Всё ли? Он мог бы предречь, что при её внешности одинокой она не останется; что и невзгоды её минуют — ну, разве только не будет возможности сменить автомашину, купить яхту или достать наимоднейшие бусы; что проживёт она спокойно и тихо, вращаясь по заданной и привычной орбите от работы к магазину, от магазина к телевизору; что красота станет убывать заметно, при каждом взгляде в зеркало; что беспричинное раздражение станет прибывать тоже заметно, чуть ли не в каждом разговоре с близкими; что всё чаще — может быть, от этого раздражения — начнёт приходить дикая мысль об иной, неизведанной и пропущенной жизни…

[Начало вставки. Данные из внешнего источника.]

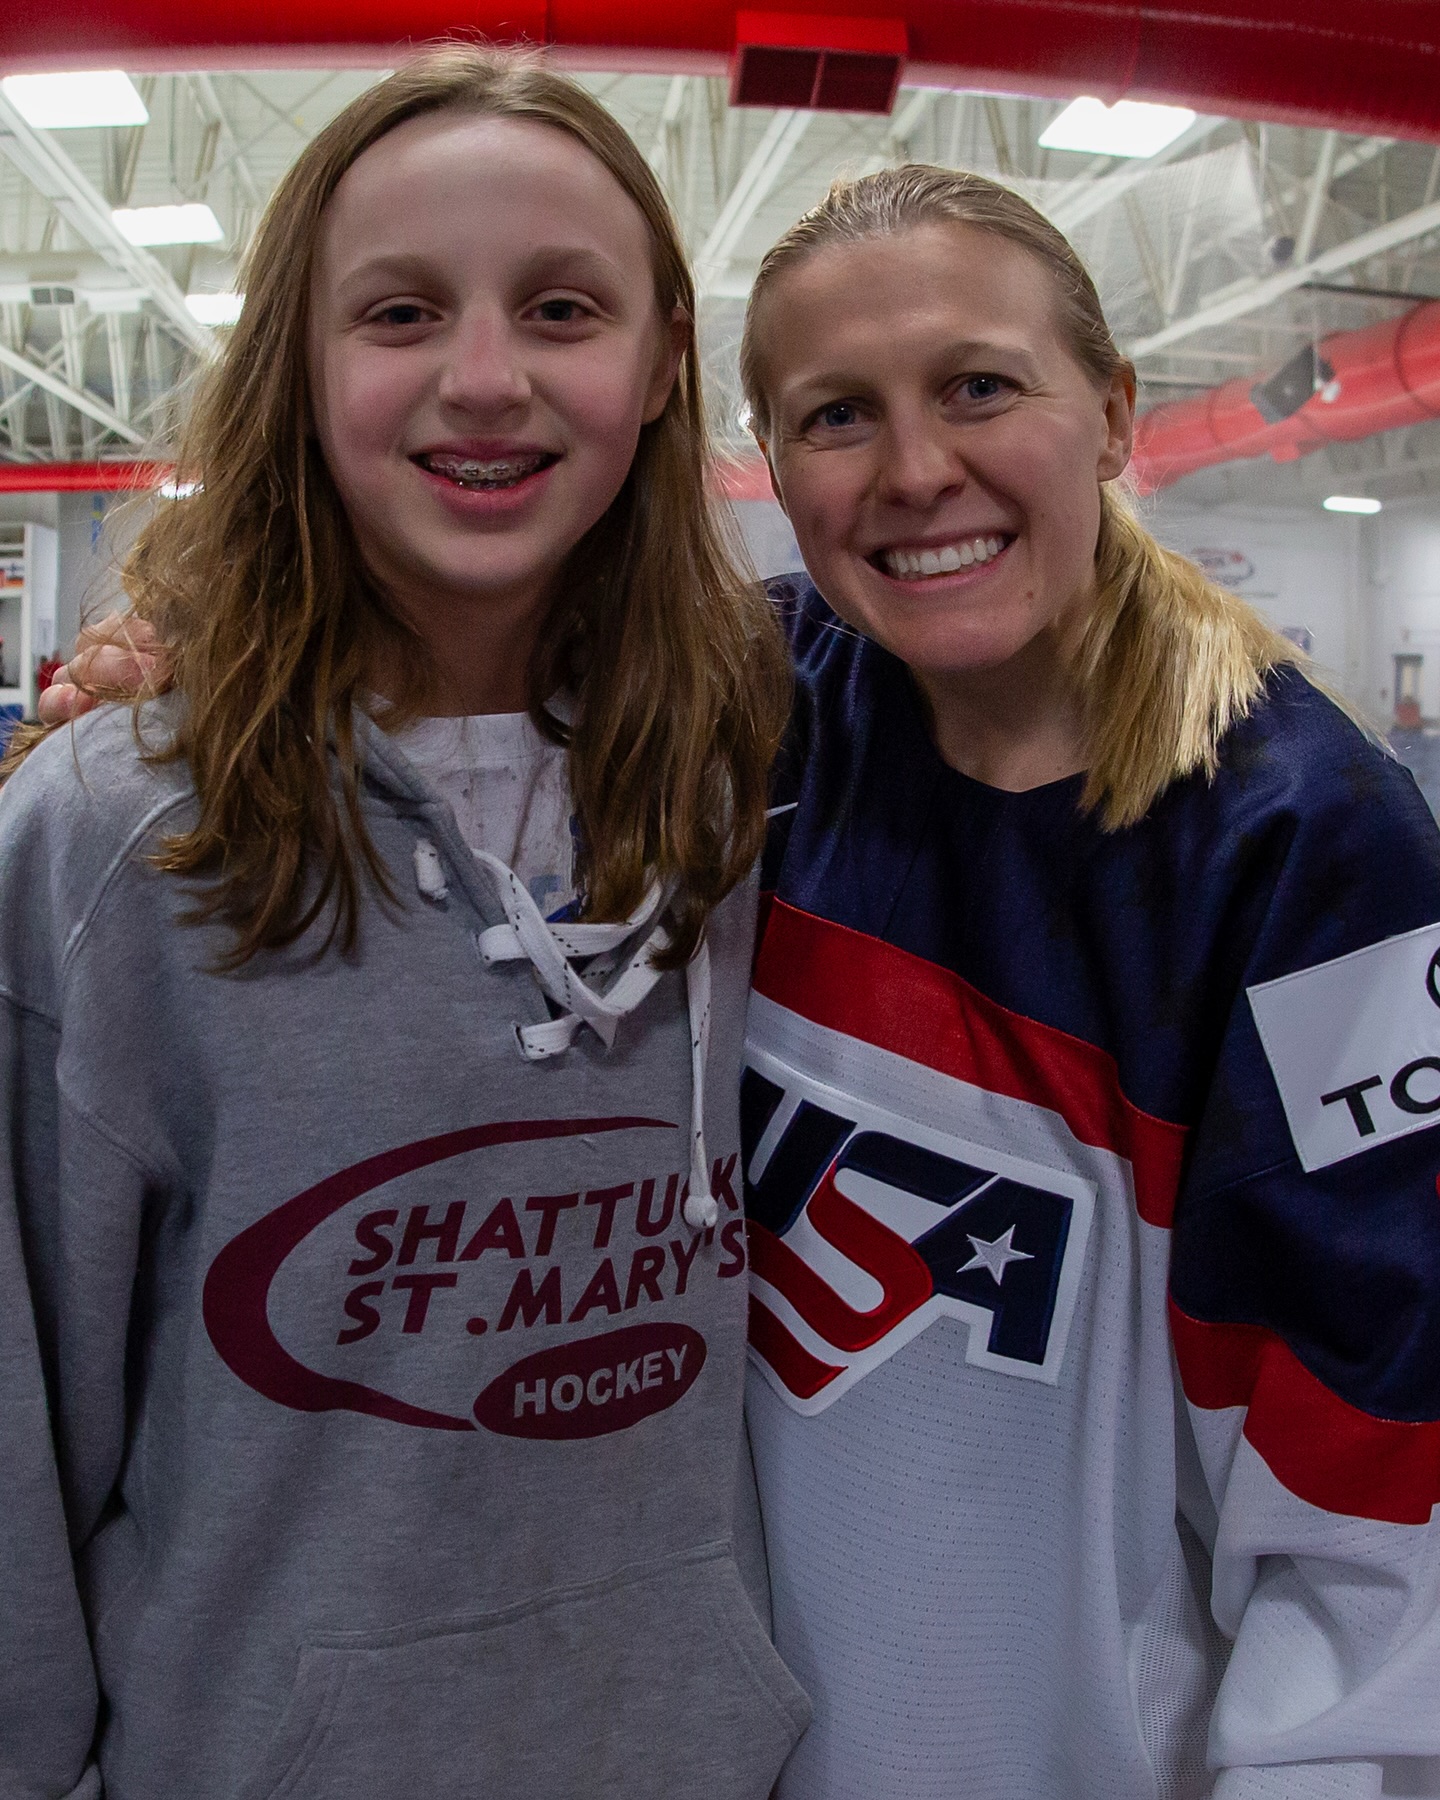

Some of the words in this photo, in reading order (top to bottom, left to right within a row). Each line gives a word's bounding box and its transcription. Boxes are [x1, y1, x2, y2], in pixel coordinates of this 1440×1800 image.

[496, 1218, 746, 1333] MARY'S
[740, 1065, 1075, 1400] USA
[513, 1343, 688, 1418] HOCKEY

Но Рябинин бросил предрекать.
— Странный вы, — сказала она, разглядывая его с новым, нагрянувшим интересом.
— Чем странный?
— Непохожий…
— На кого непохожий?
— Ни на кого. Так и должно быть…
Два рябининских вопроса готовы были сорваться с языка — как понимать его непохожесть и что значит «так и должно быть»?..
Но она вновь легко вскинула руку и провела пальцами по лбу, чуть его касаясь, — паутинку ли смахнула, мысль ли отстранила… И опять сердце Рябинина отозвалось тихой и сладкой болью. Сознание, тронутое этой болью, засуетилось отчаянно и бесплодно. Оно ринулось в детство и юность, где этой Жанны быть не могло; оно скорее вычислительной машины перебрало полузабытые встречи последнего десятилетия — Жанны и там не было. Но это лёгкое движение руки ко лбу хорошо ему знакомо и с чем-то связано — с далёким и чудесным, как видение из детства. Её загадочные слова «так и должно быть»… Что так должно быть? Его странность и непохожесть на других? А её дикое предположение, что следователь разузнал о ней, — откуда оно?
— Кто вы? — вырвалось у Рябинина.
— Дочь лейтенанта Шмидта, — улыбнулась она насильно.
— Кто вы? — повторил он.
— Узнайте. Дать вам руку?
Бывшая подследственная? Отбыла срок, исправилась, выучилась и зашла к следователю, чтобы мило побеседовать? Но она слишком молода, да и помнил он своих подследственных, тем более женщин.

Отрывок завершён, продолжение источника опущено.